▶ [INSTRUCTIONS FOR THE TASK]: All of the records below are to be printed exactly; the pictures are to be left out.

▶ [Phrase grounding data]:
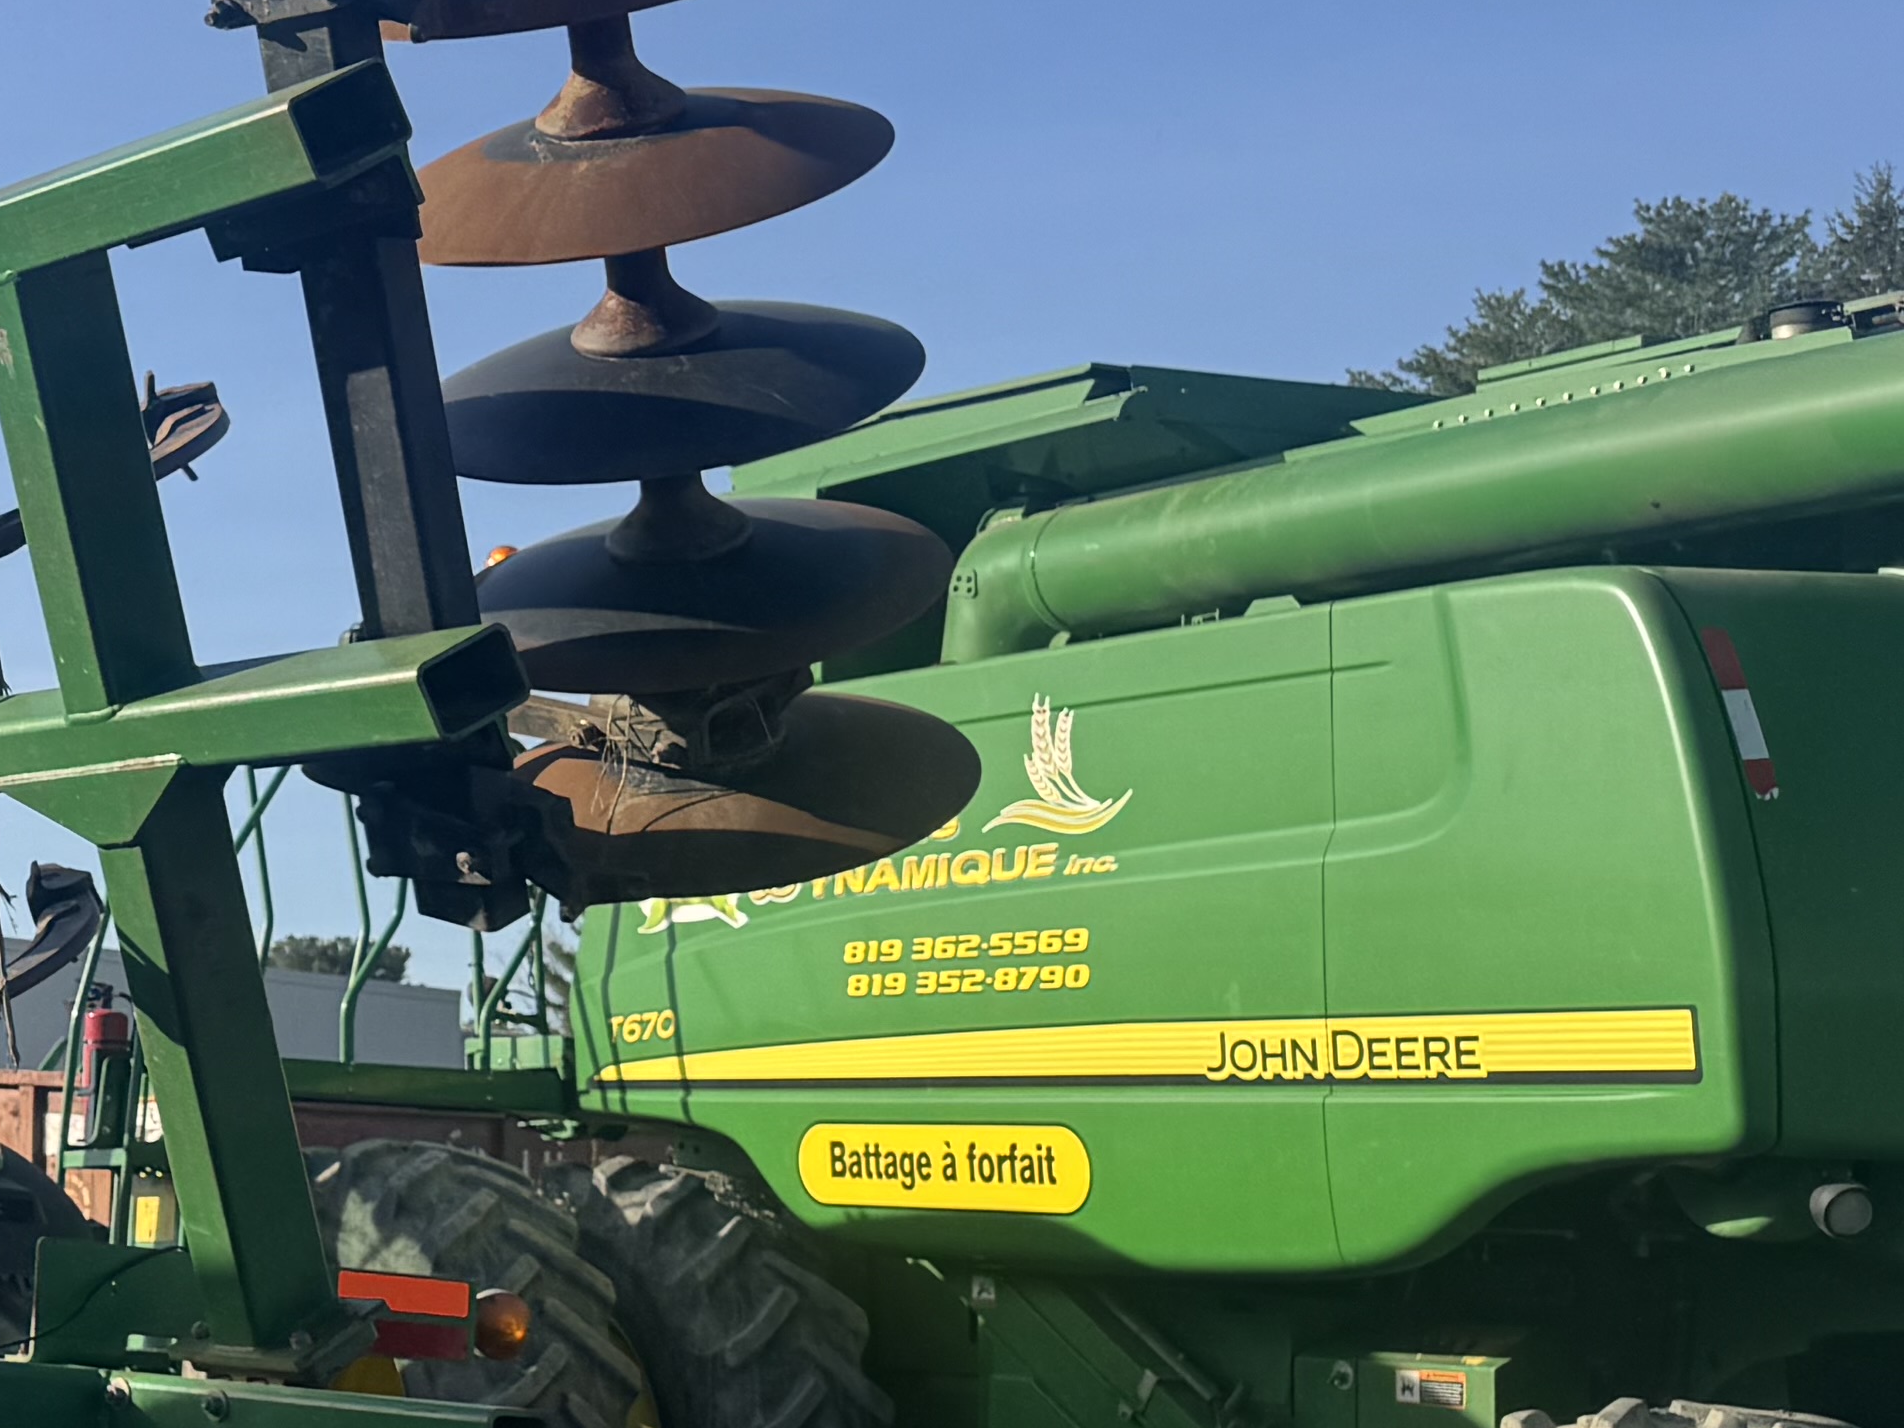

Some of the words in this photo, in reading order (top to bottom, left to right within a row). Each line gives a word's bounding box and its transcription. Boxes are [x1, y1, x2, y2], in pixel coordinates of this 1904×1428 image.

[843, 939, 903, 964] 819
[847, 973, 907, 997] 819
[608, 1008, 676, 1043] T670
[1206, 1031, 1319, 1073] JOHN
[1331, 1029, 1482, 1071] DEERE
[829, 1140, 932, 1191] Battage
[942, 1140, 958, 1182] à
[967, 1141, 1058, 1185] forfait
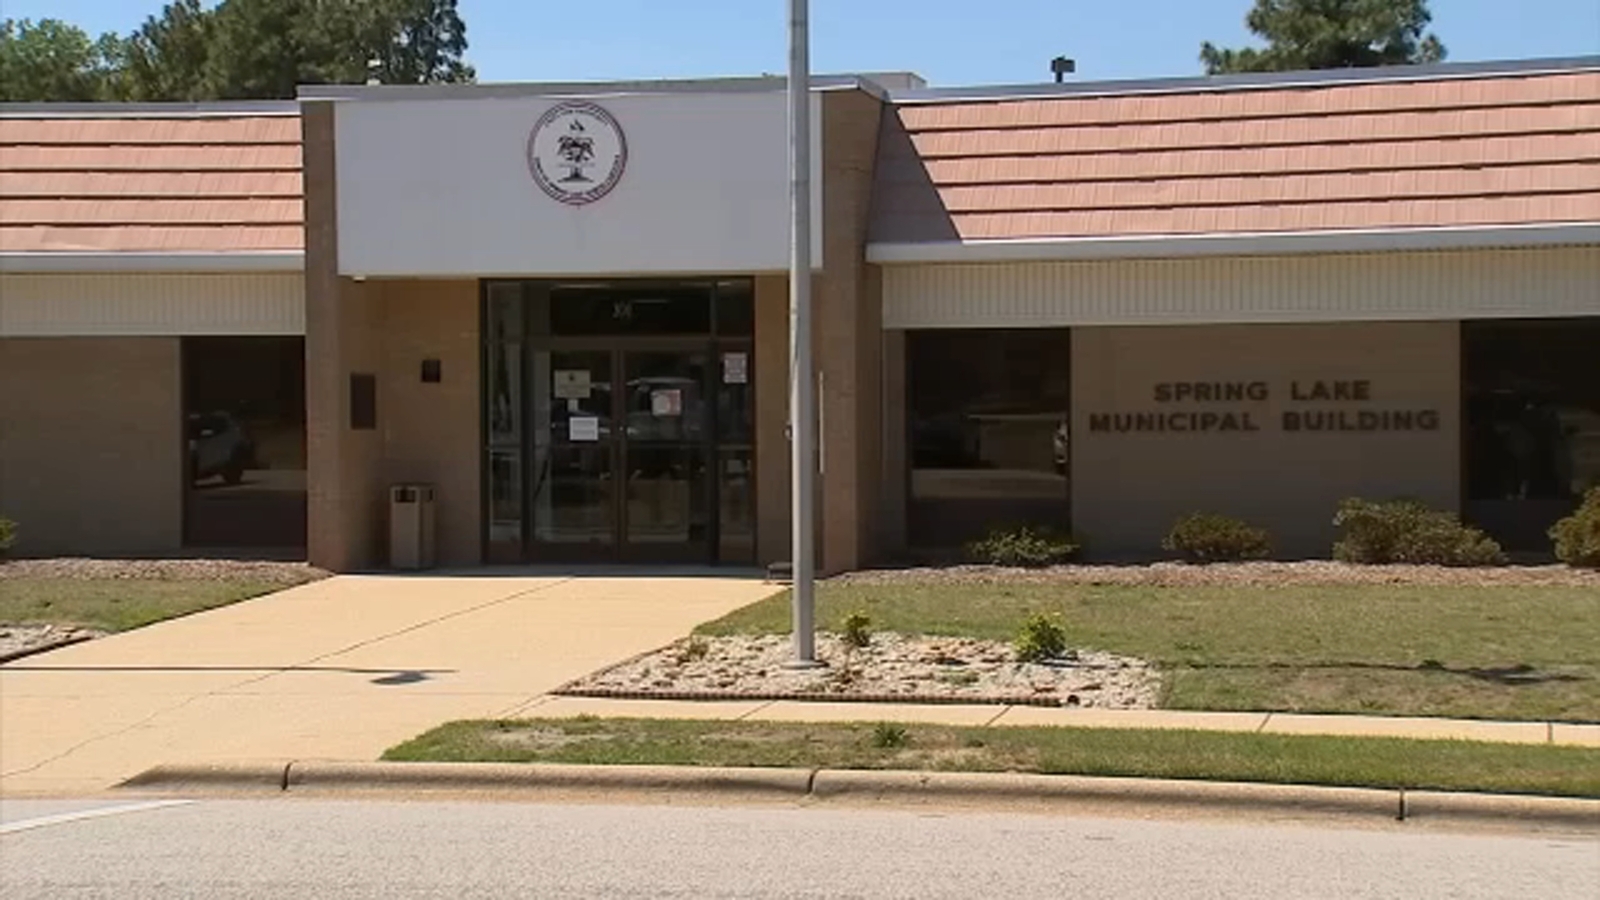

▶ [SOLUTION TO THIS PROBLEM]:
Some of the words in this photo, in reading order (top to bottom, left to right within a row). Each line gives a word's bounding box and its transcription. Boxes are [x1, y1, x2, y2], in pixel coordinates of this 1904×1428 image.

[843, 939, 903, 964] 819
[847, 973, 907, 997] 819
[608, 1008, 676, 1043] T670
[1206, 1031, 1319, 1073] JOHN
[1331, 1029, 1482, 1071] DEERE
[829, 1140, 932, 1191] Battage
[942, 1140, 958, 1182] à
[967, 1141, 1058, 1185] forfait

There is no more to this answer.